Task instructions |
Return every line of the records that includes the string "Tropics".

Material shown |
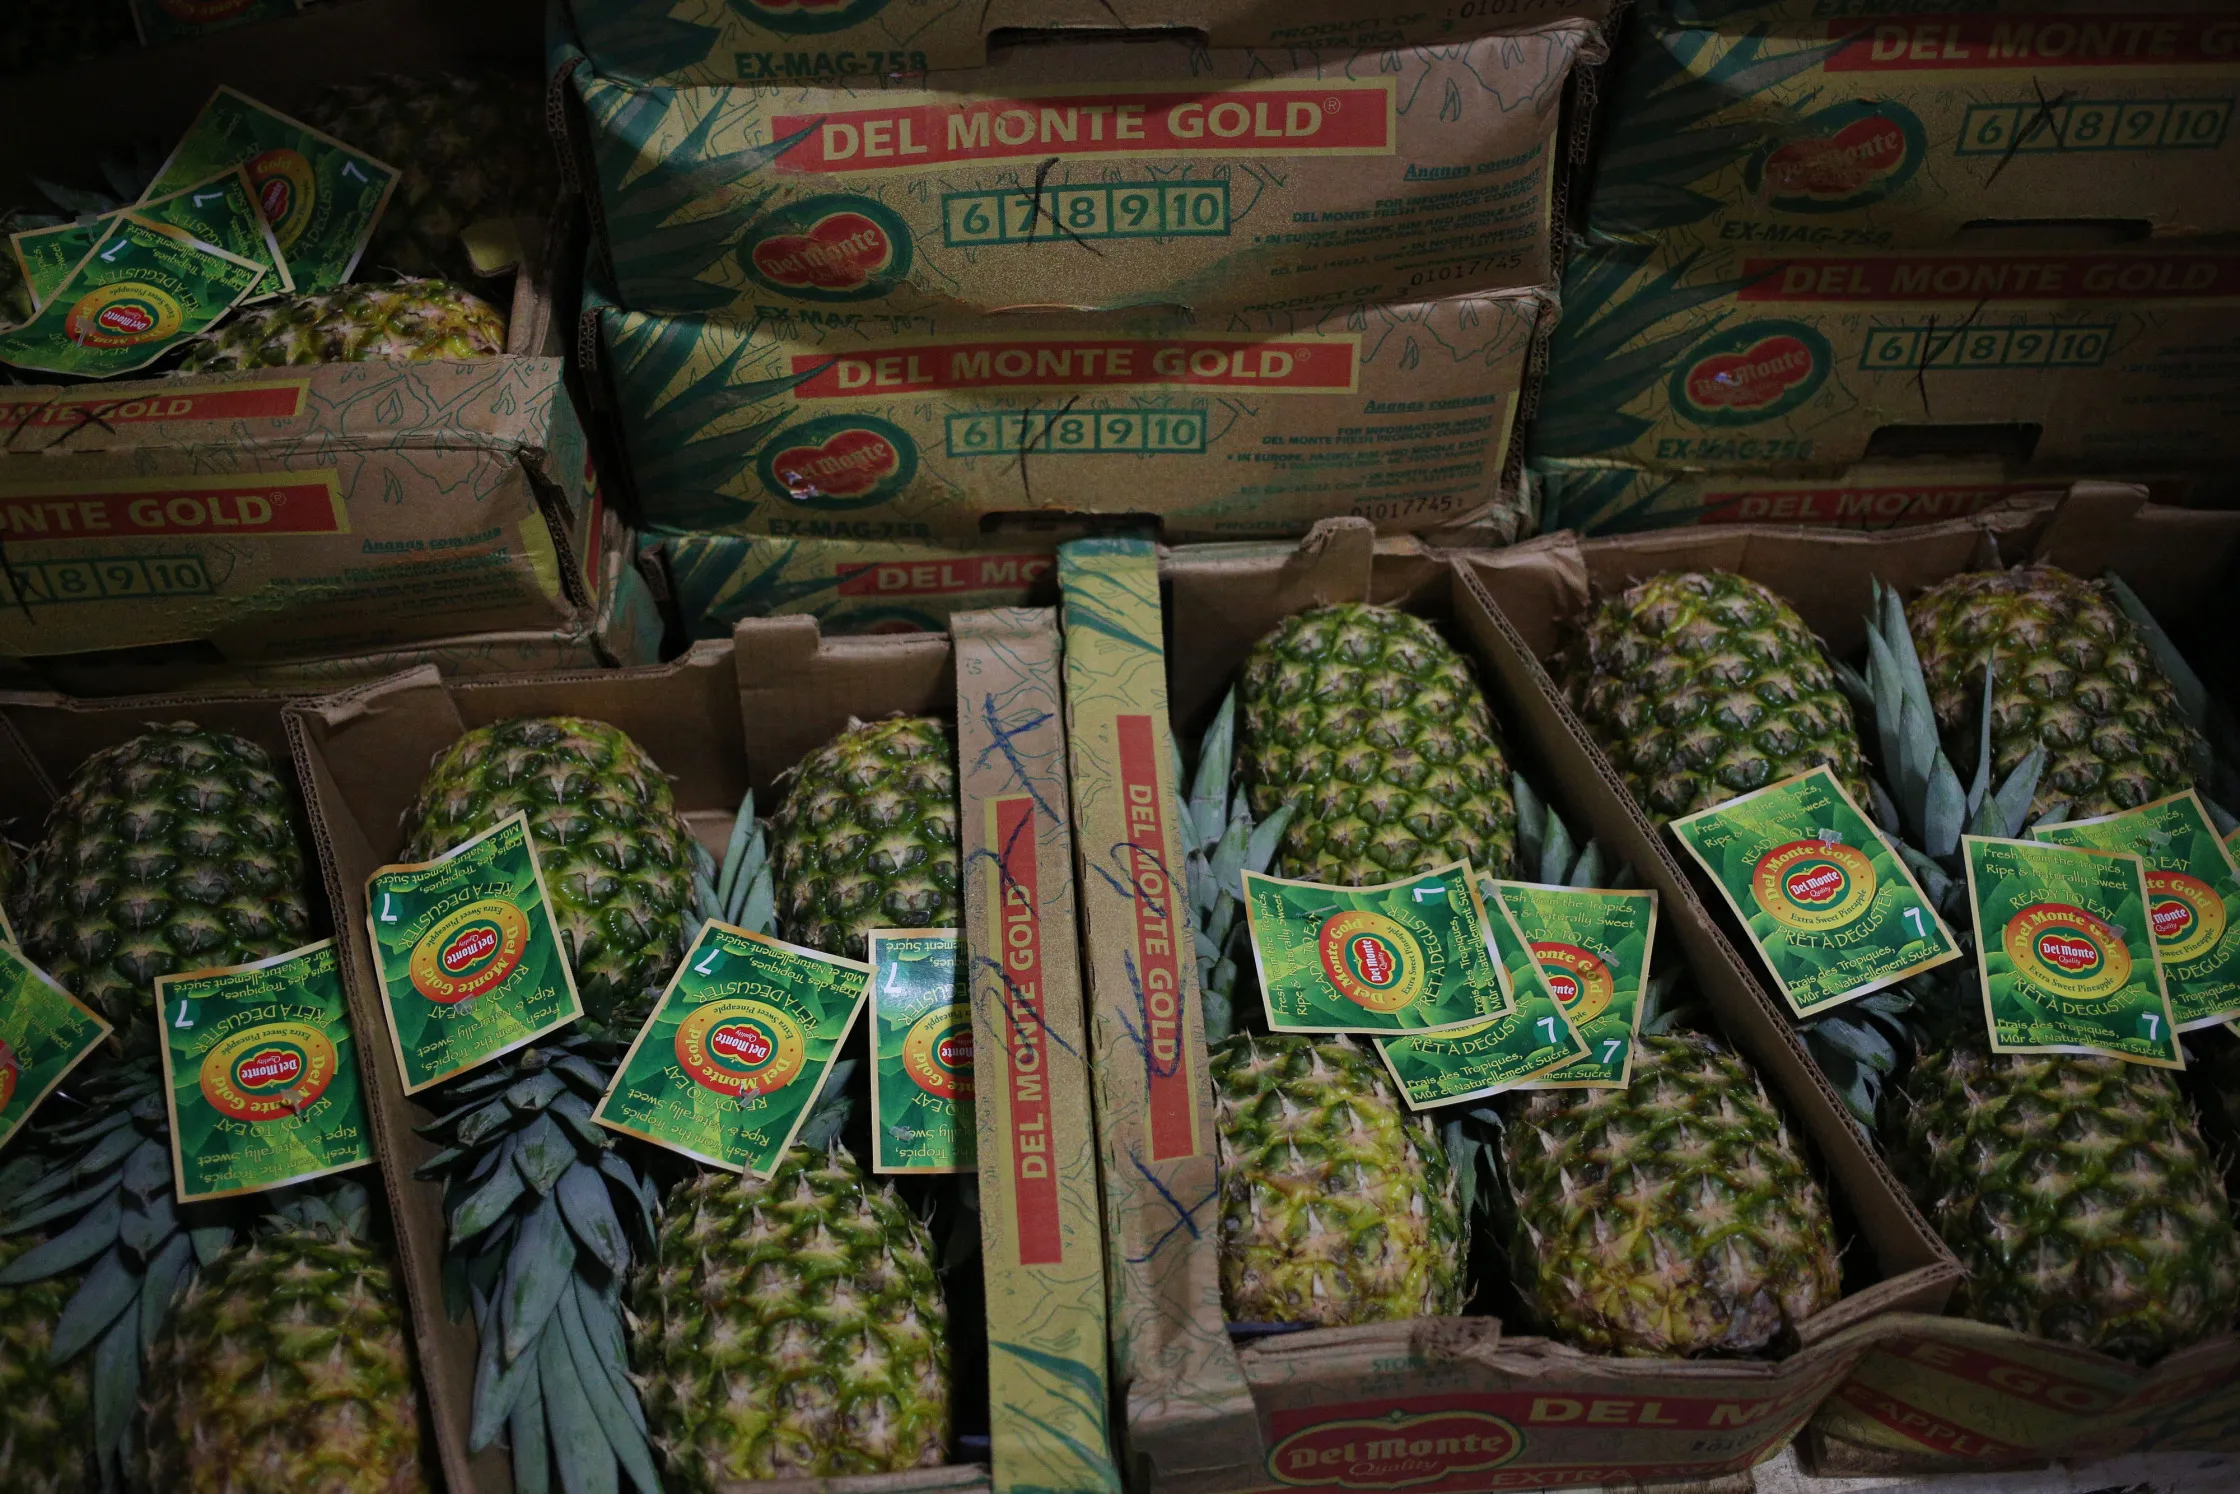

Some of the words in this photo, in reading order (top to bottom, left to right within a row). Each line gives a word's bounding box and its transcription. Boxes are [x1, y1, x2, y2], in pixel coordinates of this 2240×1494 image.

[1393, 12, 1427, 28] OF
[1870, 23, 1971, 62] DEL
[1989, 21, 2186, 58] MONTE
[735, 50, 928, 79] EX-MAG-758
[822, 118, 929, 161] DEL
[947, 103, 1146, 151] MONTE
[1978, 114, 2001, 143] 6
[2075, 112, 2102, 139] 8
[2128, 111, 2157, 140] 9
[2176, 109, 2220, 138] 10
[256, 156, 293, 175] Gold
[342, 161, 369, 184] 7
[1403, 163, 1472, 181] Ananas
[192, 191, 224, 209] 7
[962, 203, 990, 234] 6
[1015, 199, 1040, 231] 7
[1069, 196, 1097, 228] 8
[1119, 193, 1149, 226] 9
[1172, 192, 1219, 225] 10
[100, 239, 128, 262] 7
[1410, 254, 1522, 286] 01017745
[1782, 262, 1872, 295] DEL
[1890, 260, 2068, 293] MONTE
[2081, 258, 2219, 291] GOLD
[1879, 336, 1904, 362] 6
[1970, 335, 1996, 361] 8
[2016, 334, 2043, 360] 9
[2060, 334, 2102, 360] 10
[837, 355, 933, 390] DEL
[951, 347, 1135, 380] MONTE
[92, 399, 194, 420] GOLD
[1364, 400, 1425, 414] Ananas
[963, 419, 989, 447] 6
[1012, 419, 1034, 445] 7
[1059, 419, 1085, 445] 8
[1106, 419, 1133, 444] 9
[1154, 418, 1198, 445] 10
[816, 443, 888, 476] Monte
[1738, 494, 1822, 519] DEL
[362, 538, 425, 554] Ananas
[57, 568, 88, 594] 8
[106, 565, 135, 590] 9
[155, 564, 201, 589] 10
[877, 565, 965, 590] DEL
[1127, 784, 1154, 837] DEL
[1704, 833, 1733, 850] Ripe
[1795, 796, 1832, 814] Sweet
[2137, 809, 2185, 829] Tropics,
[424, 843, 487, 882] Naturellement
[1766, 844, 1815, 874] Monte
[1818, 842, 1862, 871] Gold
[2078, 860, 2126, 876] Tropics,
[375, 870, 424, 888] Sucré
[418, 866, 477, 894] Tropiques,
[1762, 873, 1780, 902] Del
[1790, 879, 1808, 896] Del
[1806, 869, 1840, 892] Monte
[2091, 877, 2129, 891] Sweet
[380, 892, 398, 922] 7
[1136, 845, 1171, 959] MONTE
[1413, 886, 1446, 903] 7
[1588, 897, 1637, 916] Tropics,
[2170, 877, 2214, 910] Gold
[1008, 883, 1034, 961] GOLD
[1331, 916, 1365, 941] Gold
[1596, 917, 1636, 929] Sweet
[1834, 886, 1893, 949] DEGUSTER
[1903, 906, 1927, 937] 7
[2015, 922, 2031, 949] Del
[2028, 909, 2086, 928] Monte
[502, 924, 519, 956] Del
[715, 931, 754, 950] Sucré
[754, 942, 834, 976] Naturellement
[885, 942, 924, 952] Sucré
[1361, 939, 1377, 968] Monte
[2042, 943, 2062, 955] Del
[2062, 944, 2096, 960] Monte
[694, 948, 720, 975] 7
[748, 957, 805, 984] Tropiques,
[1326, 942, 1356, 989] Monte
[1836, 945, 1896, 973] Tropiques,
[2058, 954, 2082, 966] Quality
[172, 978, 227, 993] Sucré
[229, 962, 297, 989] Naturellement
[418, 966, 455, 997] Gold
[457, 955, 510, 994] Monte
[884, 961, 902, 994] 7
[1796, 988, 1822, 1005] Mûr
[1834, 957, 1908, 991] Naturellement
[1908, 942, 1942, 963] Sucré
[219, 983, 286, 1001] Tropiques,
[526, 985, 556, 1004] Ripe
[1352, 984, 1387, 1005] Del
[2062, 982, 2141, 1017] DEGUSTER
[174, 999, 195, 1029] 7
[2141, 1013, 2160, 1040] 7
[715, 1032, 752, 1054] Monte
[1009, 982, 1043, 1104] MONTE
[1536, 1015, 1559, 1044] 7
[2054, 1022, 2120, 1040] Tropiques,
[416, 1034, 456, 1058] Sweet
[751, 1041, 768, 1059] Del
[1602, 1039, 1622, 1065] 7
[2044, 1033, 2128, 1051] Naturellement
[2130, 1041, 2166, 1058] Sucré
[241, 1061, 279, 1081] Monte
[420, 1048, 472, 1072] Tropics,
[702, 1066, 759, 1090] Monte
[763, 1054, 794, 1088] Del
[912, 1049, 945, 1087] Gold
[1413, 1086, 1438, 1102] Mûr
[1454, 1059, 1535, 1093] Naturellement
[1535, 1045, 1571, 1068] Sucré
[1460, 1050, 1524, 1074] Tropiques,
[210, 1073, 245, 1111] Gold
[627, 1088, 668, 1107] Sweet
[196, 1154, 240, 1167] Sweet
[895, 1143, 949, 1158] Tropics,
[1019, 1117, 1049, 1182] DEL
[1528, 1396, 1679, 1425] DEL
[1288, 1442, 1357, 1470] Del
[1367, 1433, 1504, 1461] Monte
[1349, 1459, 1440, 1477] Quality
[1490, 1468, 1632, 1487] EXTRA
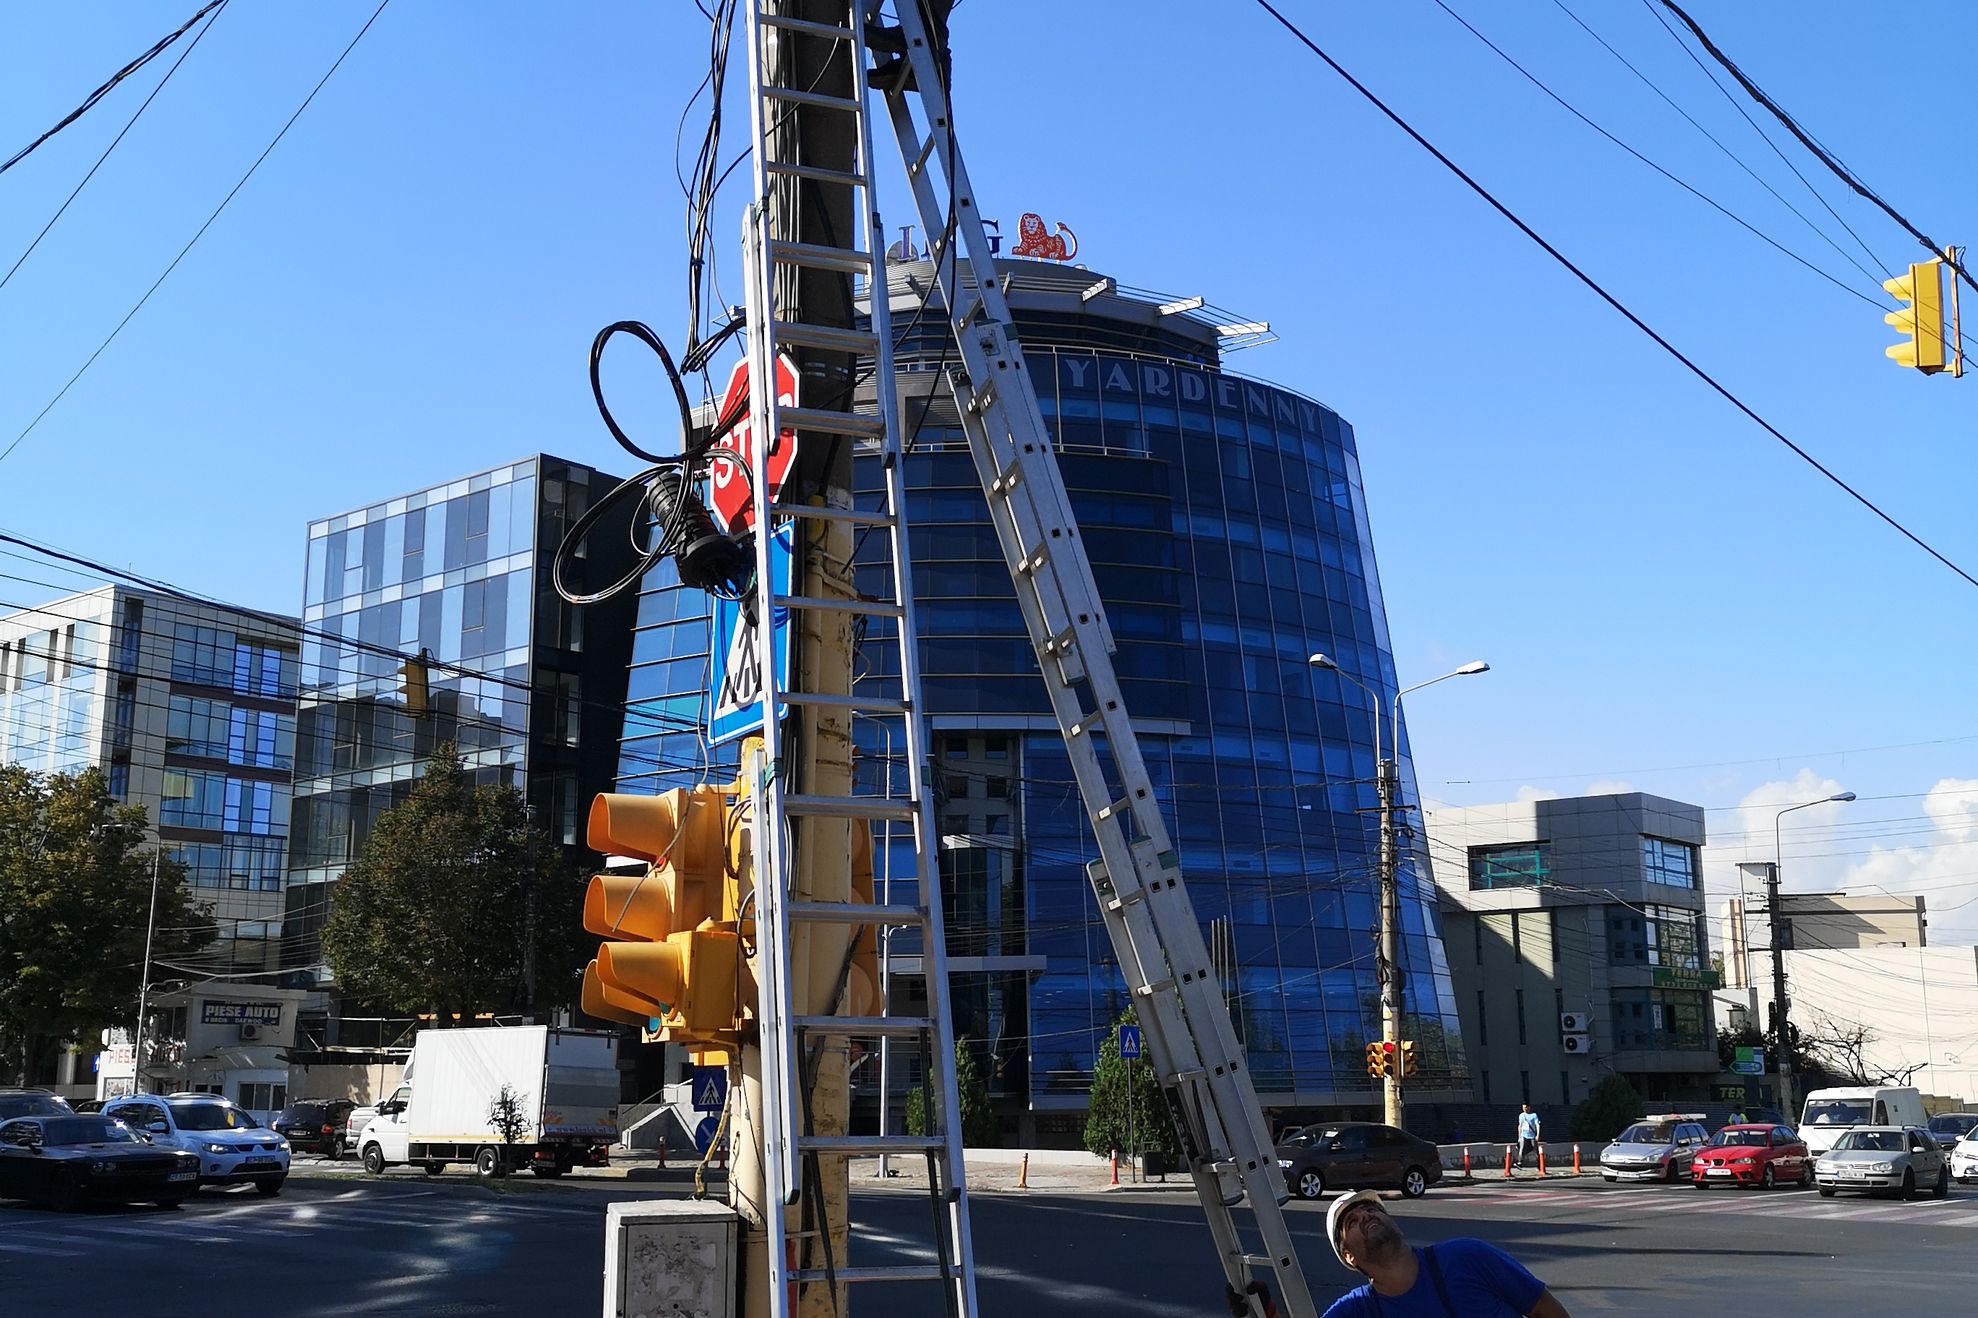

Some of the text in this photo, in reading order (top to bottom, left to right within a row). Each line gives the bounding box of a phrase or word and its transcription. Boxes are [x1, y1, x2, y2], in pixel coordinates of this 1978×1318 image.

[897, 219, 1004, 262] IG
[1064, 358, 1317, 432] YARDENNY
[715, 392, 793, 490] ST
[205, 1004, 279, 1018] PIESE AUTO
[108, 1048, 136, 1064] PIES

Answer below |
[2137, 809, 2185, 829] Tropics,
[2078, 860, 2126, 876] Tropics,
[1588, 897, 1637, 916] Tropics,
[420, 1048, 472, 1072] Tropics,
[895, 1143, 949, 1158] Tropics,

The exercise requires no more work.